TASK STATEMENT => What the task needs is the data below, written out verbatim.

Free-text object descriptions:
----

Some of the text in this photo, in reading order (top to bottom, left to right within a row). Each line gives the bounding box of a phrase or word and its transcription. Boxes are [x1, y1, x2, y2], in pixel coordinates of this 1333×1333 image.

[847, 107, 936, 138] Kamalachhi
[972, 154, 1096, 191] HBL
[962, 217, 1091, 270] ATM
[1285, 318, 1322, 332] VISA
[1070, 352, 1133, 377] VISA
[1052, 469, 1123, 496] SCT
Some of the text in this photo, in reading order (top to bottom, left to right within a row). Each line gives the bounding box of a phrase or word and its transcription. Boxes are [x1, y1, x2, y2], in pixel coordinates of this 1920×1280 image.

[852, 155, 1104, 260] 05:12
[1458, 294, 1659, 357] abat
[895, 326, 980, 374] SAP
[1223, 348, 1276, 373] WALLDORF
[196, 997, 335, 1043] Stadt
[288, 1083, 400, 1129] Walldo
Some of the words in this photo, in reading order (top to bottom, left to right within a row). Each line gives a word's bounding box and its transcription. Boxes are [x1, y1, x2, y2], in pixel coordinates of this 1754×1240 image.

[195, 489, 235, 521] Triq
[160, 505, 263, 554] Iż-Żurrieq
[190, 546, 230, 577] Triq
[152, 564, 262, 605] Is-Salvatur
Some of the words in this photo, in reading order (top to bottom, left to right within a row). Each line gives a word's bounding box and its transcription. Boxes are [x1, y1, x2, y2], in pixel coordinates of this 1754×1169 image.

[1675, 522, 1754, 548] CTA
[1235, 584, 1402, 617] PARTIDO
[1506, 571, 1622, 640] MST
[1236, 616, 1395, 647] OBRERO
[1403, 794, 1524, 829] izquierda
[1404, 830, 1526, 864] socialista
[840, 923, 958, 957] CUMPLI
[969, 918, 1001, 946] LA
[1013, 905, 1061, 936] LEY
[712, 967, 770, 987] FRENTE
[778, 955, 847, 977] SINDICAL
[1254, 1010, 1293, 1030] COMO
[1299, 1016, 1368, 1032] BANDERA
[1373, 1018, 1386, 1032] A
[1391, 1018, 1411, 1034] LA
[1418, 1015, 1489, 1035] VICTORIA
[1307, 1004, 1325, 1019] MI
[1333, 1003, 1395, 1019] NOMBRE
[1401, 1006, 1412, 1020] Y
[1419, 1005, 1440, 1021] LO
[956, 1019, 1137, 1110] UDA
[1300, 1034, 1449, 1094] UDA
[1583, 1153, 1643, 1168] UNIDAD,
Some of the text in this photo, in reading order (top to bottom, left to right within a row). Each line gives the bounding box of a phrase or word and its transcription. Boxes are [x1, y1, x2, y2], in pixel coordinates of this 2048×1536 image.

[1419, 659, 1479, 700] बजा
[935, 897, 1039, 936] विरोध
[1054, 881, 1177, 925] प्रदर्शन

----

PROBLEM SOLUTION =>
Some of the text in this photo, in reading order (top to bottom, left to right within a row). Each line gives the bounding box of a phrase or word and its transcription. Boxes are [x1, y1, x2, y2], in pixel coordinates of this 1333×1333 image.

[847, 107, 936, 138] Kamalachhi
[972, 154, 1096, 191] HBL
[962, 217, 1091, 270] ATM
[1285, 318, 1322, 332] VISA
[1070, 352, 1133, 377] VISA
[1052, 469, 1123, 496] SCT
Some of the text in this photo, in reading order (top to bottom, left to right within a row). Each line gives the bounding box of a phrase or word and its transcription. Boxes are [x1, y1, x2, y2], in pixel coordinates of this 1920×1280 image.

[852, 155, 1104, 260] 05:12
[1458, 294, 1659, 357] abat
[895, 326, 980, 374] SAP
[1223, 348, 1276, 373] WALLDORF
[196, 997, 335, 1043] Stadt
[288, 1083, 400, 1129] Walldo
Some of the words in this photo, in reading order (top to bottom, left to right within a row). Each line gives a word's bounding box and its transcription. Boxes are [x1, y1, x2, y2], in pixel coordinates of this 1754×1240 image.

[195, 489, 235, 521] Triq
[160, 505, 263, 554] Iż-Żurrieq
[190, 546, 230, 577] Triq
[152, 564, 262, 605] Is-Salvatur
Some of the words in this photo, in reading order (top to bottom, left to right within a row). Each line gives a word's bounding box and its transcription. Boxes are [x1, y1, x2, y2], in pixel coordinates of this 1754×1169 image.

[1675, 522, 1754, 548] CTA
[1235, 584, 1402, 617] PARTIDO
[1506, 571, 1622, 640] MST
[1236, 616, 1395, 647] OBRERO
[1403, 794, 1524, 829] izquierda
[1404, 830, 1526, 864] socialista
[840, 923, 958, 957] CUMPLI
[969, 918, 1001, 946] LA
[1013, 905, 1061, 936] LEY
[712, 967, 770, 987] FRENTE
[778, 955, 847, 977] SINDICAL
[1254, 1010, 1293, 1030] COMO
[1299, 1016, 1368, 1032] BANDERA
[1373, 1018, 1386, 1032] A
[1391, 1018, 1411, 1034] LA
[1418, 1015, 1489, 1035] VICTORIA
[1307, 1004, 1325, 1019] MI
[1333, 1003, 1395, 1019] NOMBRE
[1401, 1006, 1412, 1020] Y
[1419, 1005, 1440, 1021] LO
[956, 1019, 1137, 1110] UDA
[1300, 1034, 1449, 1094] UDA
[1583, 1153, 1643, 1168] UNIDAD,
Some of the text in this photo, in reading order (top to bottom, left to right within a row). Each line gives the bounding box of a phrase or word and its transcription. Boxes are [x1, y1, x2, y2], in pixel coordinates of this 2048×1536 image.

[1419, 659, 1479, 700] बजा
[935, 897, 1039, 936] विरोध
[1054, 881, 1177, 925] प्रदर्शन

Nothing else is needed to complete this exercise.